From a feeding standpoint, take a close look at body condition. Mature cows that are calving in late February and early March need a body condition score of five and first-calf heifers need to be at a score of six. Now is the time when cows are in their last trimester of pregnancy and need the better quality of feed. If they are thin, then offer them high quality feeds so condition can be added.
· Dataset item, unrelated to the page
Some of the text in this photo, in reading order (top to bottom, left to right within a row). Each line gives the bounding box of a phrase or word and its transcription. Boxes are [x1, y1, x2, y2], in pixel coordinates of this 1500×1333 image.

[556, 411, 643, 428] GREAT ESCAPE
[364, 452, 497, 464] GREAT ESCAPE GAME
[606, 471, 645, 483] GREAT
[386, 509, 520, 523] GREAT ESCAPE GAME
Producers should also get their feed readily accessible in the calving area and make sure the equipment and the calving barn are clean and ready to use. Equipment such as plastic sleeves, obstetrical lube, obstetrical chains, fetal extractor, ear tags and applicator, calf feeding bottles or esophageal feeder, iodine to treat navels, disinfectant, electrolytes, flashlight or spot light and birth-weight scales should be gathered and placed in the calving barn. calf nursing

Producers should also line up a supply of frozen colostrum or at least have a source in mind. Colostrum contains antibodies and other nutrients and must be ingested by baby calves within six hours of birth to acquire satisfactory passive immunity. However, a calf that has had a difficult birth or does not have an opportunity to nurse within four hours should be hand fed colostrums. The calving facilities should be clean and provide sufficient lighting. The facility should also have a place for warming chilled calves.

Sometimes no matter how many preventative measures you take, calf scours can still be a problem. You should prepare for an outbreak every year. Develop a program with your veterinarian that focuses on detection, isolation, diagnosis and treatment. Pre-plan a course of action with your veterinarian and implement it immediately when the first case occurs.
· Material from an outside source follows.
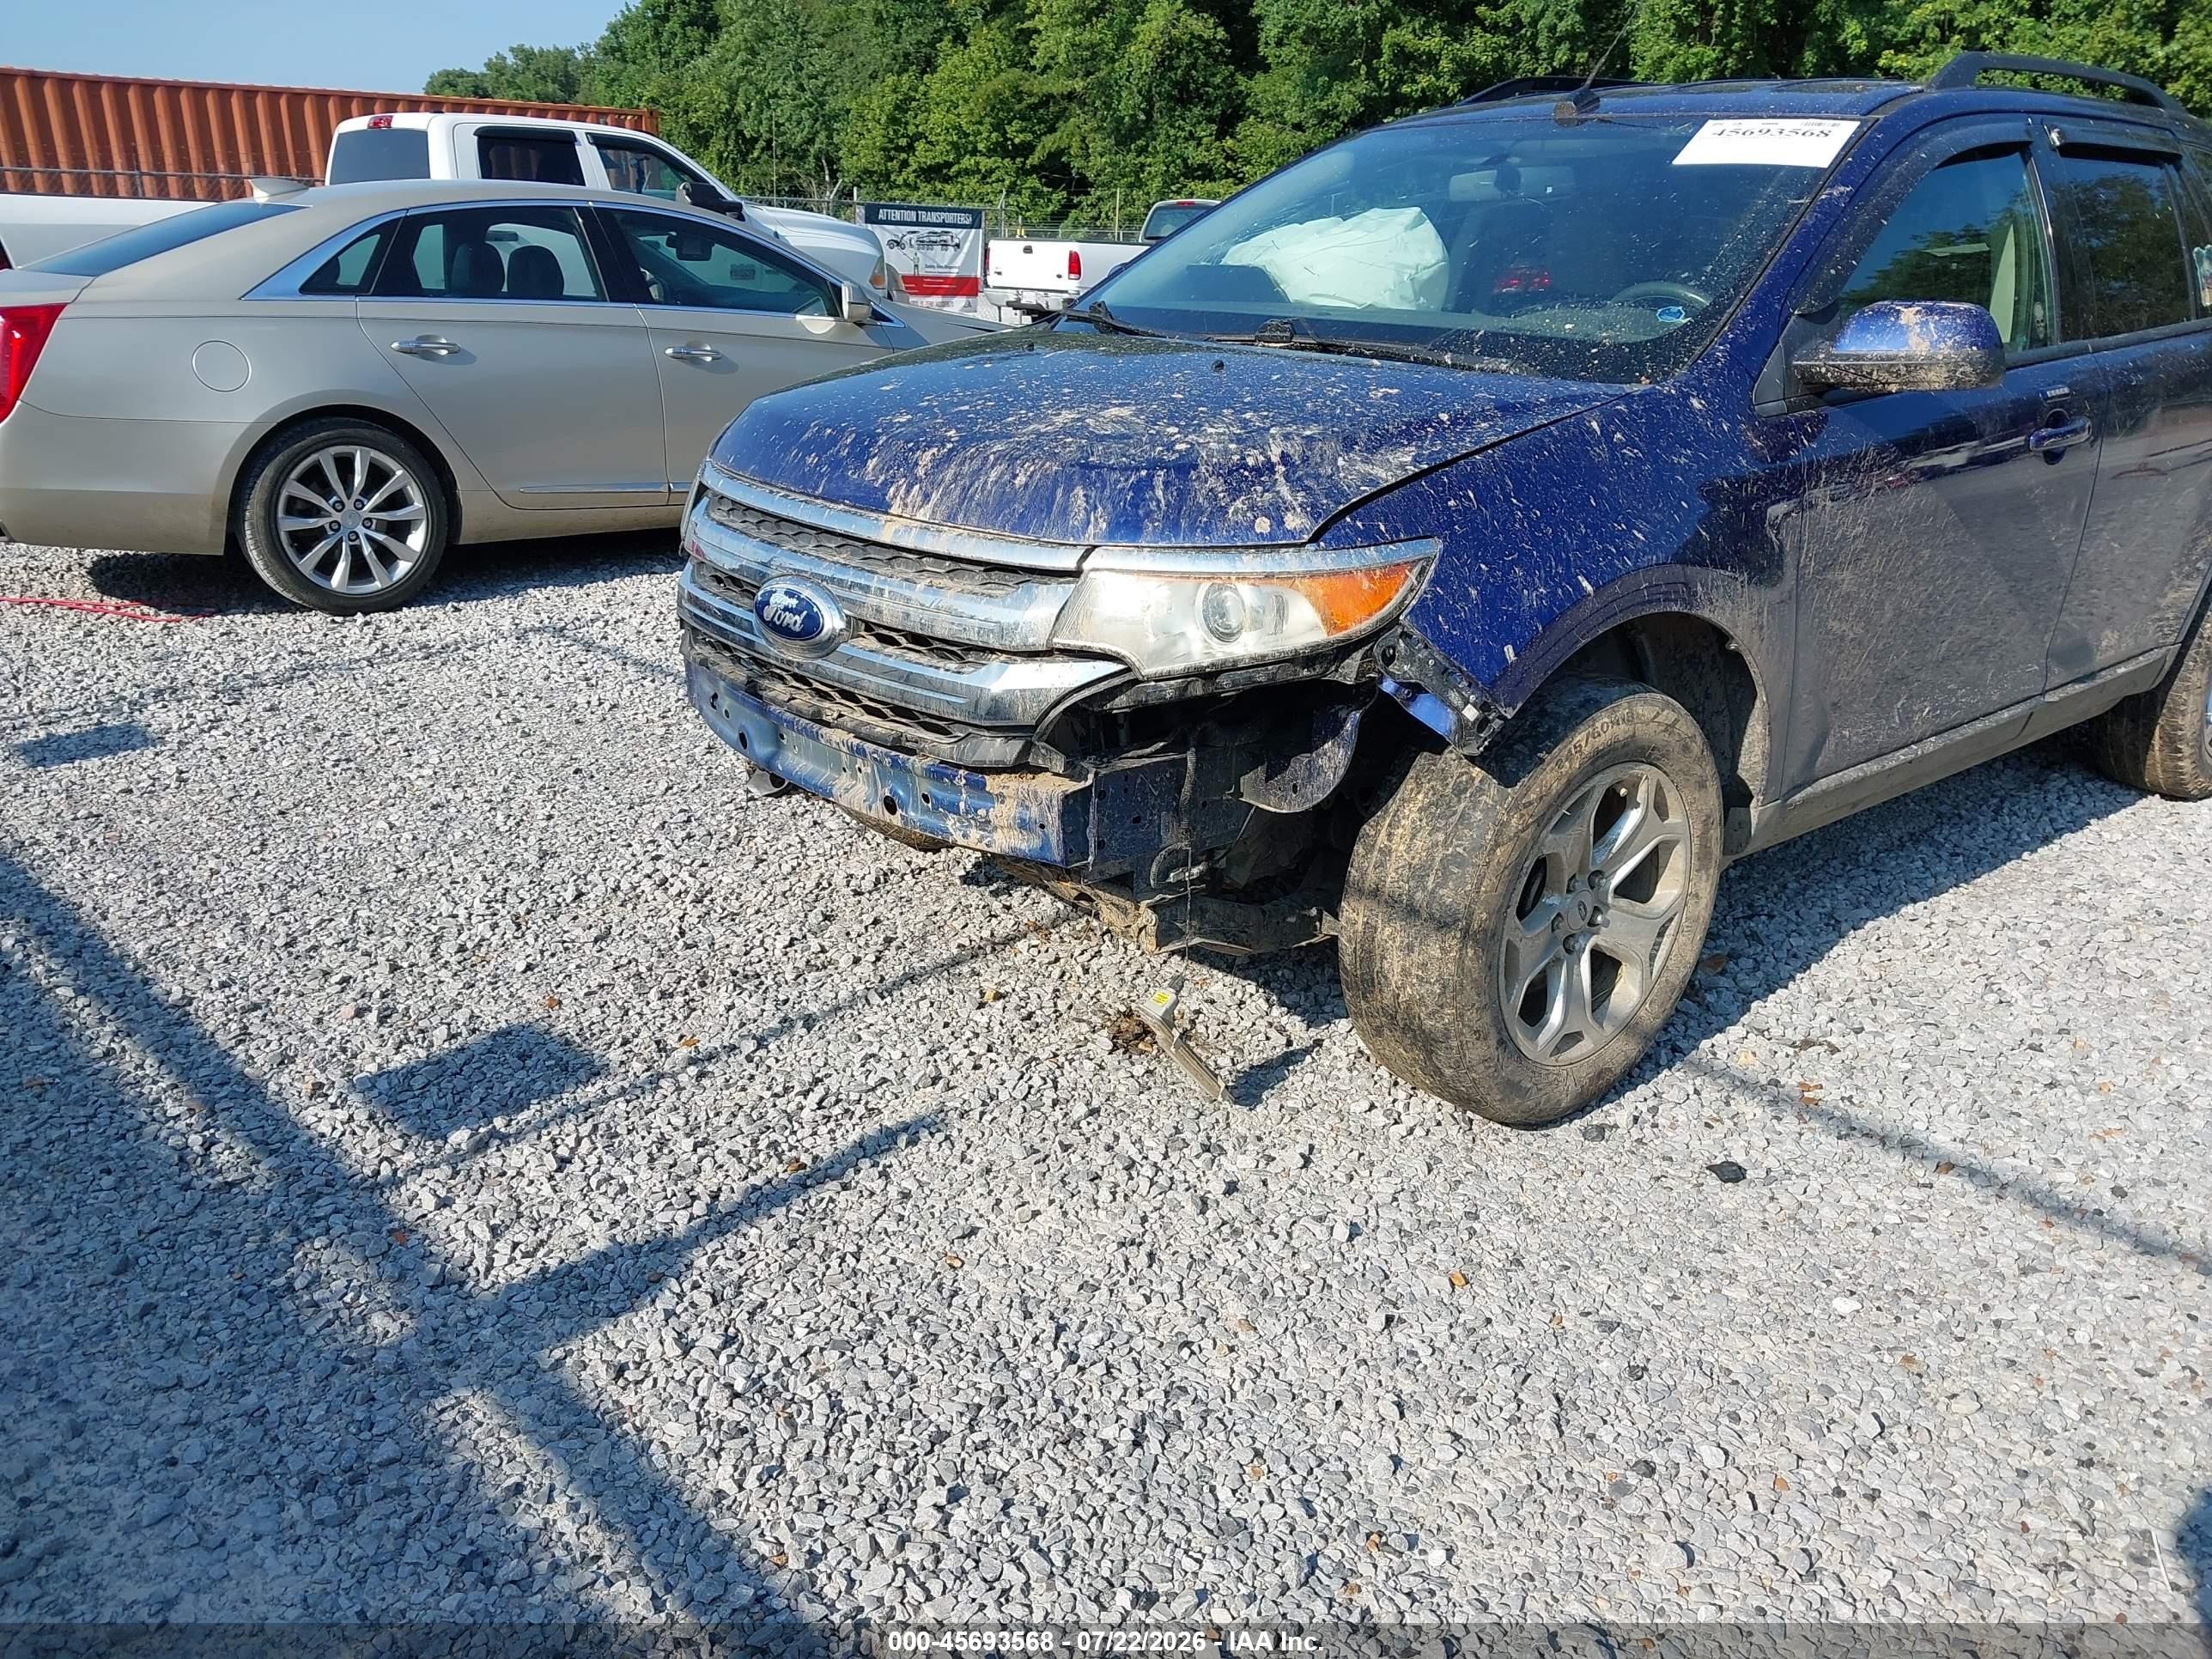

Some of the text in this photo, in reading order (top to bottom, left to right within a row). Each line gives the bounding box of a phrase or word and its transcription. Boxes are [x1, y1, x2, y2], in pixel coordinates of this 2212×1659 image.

[1711, 128, 1832, 137] 45693568
[878, 209, 916, 222] ATTENTION
[763, 592, 808, 633] Ford
Isolate affected calves immediately and do not expose healthy calves since scour organisms are highly contagious and spread rapidly through contact. Prevent dehydration, since this is usually the most immediate concern with scours. Your veterinarian can outline a fluid therapy to be used.

It is also generally accepted that adequate supervision at calving has a significant impact on reducing calf mortality. On most operations, supervision of the cow-herd will best be accomplished in daylight hours and the poorest observation takes place in the middle of the night. Some studies suggest the easiest and most practical method of reducing nighttime calving is to feed cows at night.

feeding Several research trials have been conducted to measure the impact of nighttime feeding on calving time. The most convincing study to date conducted in the Midwest, found that 85 percent of 1,331 cows on 15 Iowa farms calved from 6:00 a.m. to 6:00 p.m. when fed once daily at dusk. Whether cows were started on the night feeding the week before calving or started two to three weeks earlier made no apparent difference in calving time. It is important to point out with these studies showing that a large percentage of calves are born during the daylight hours, it is still important to monitor the expectant herd at night.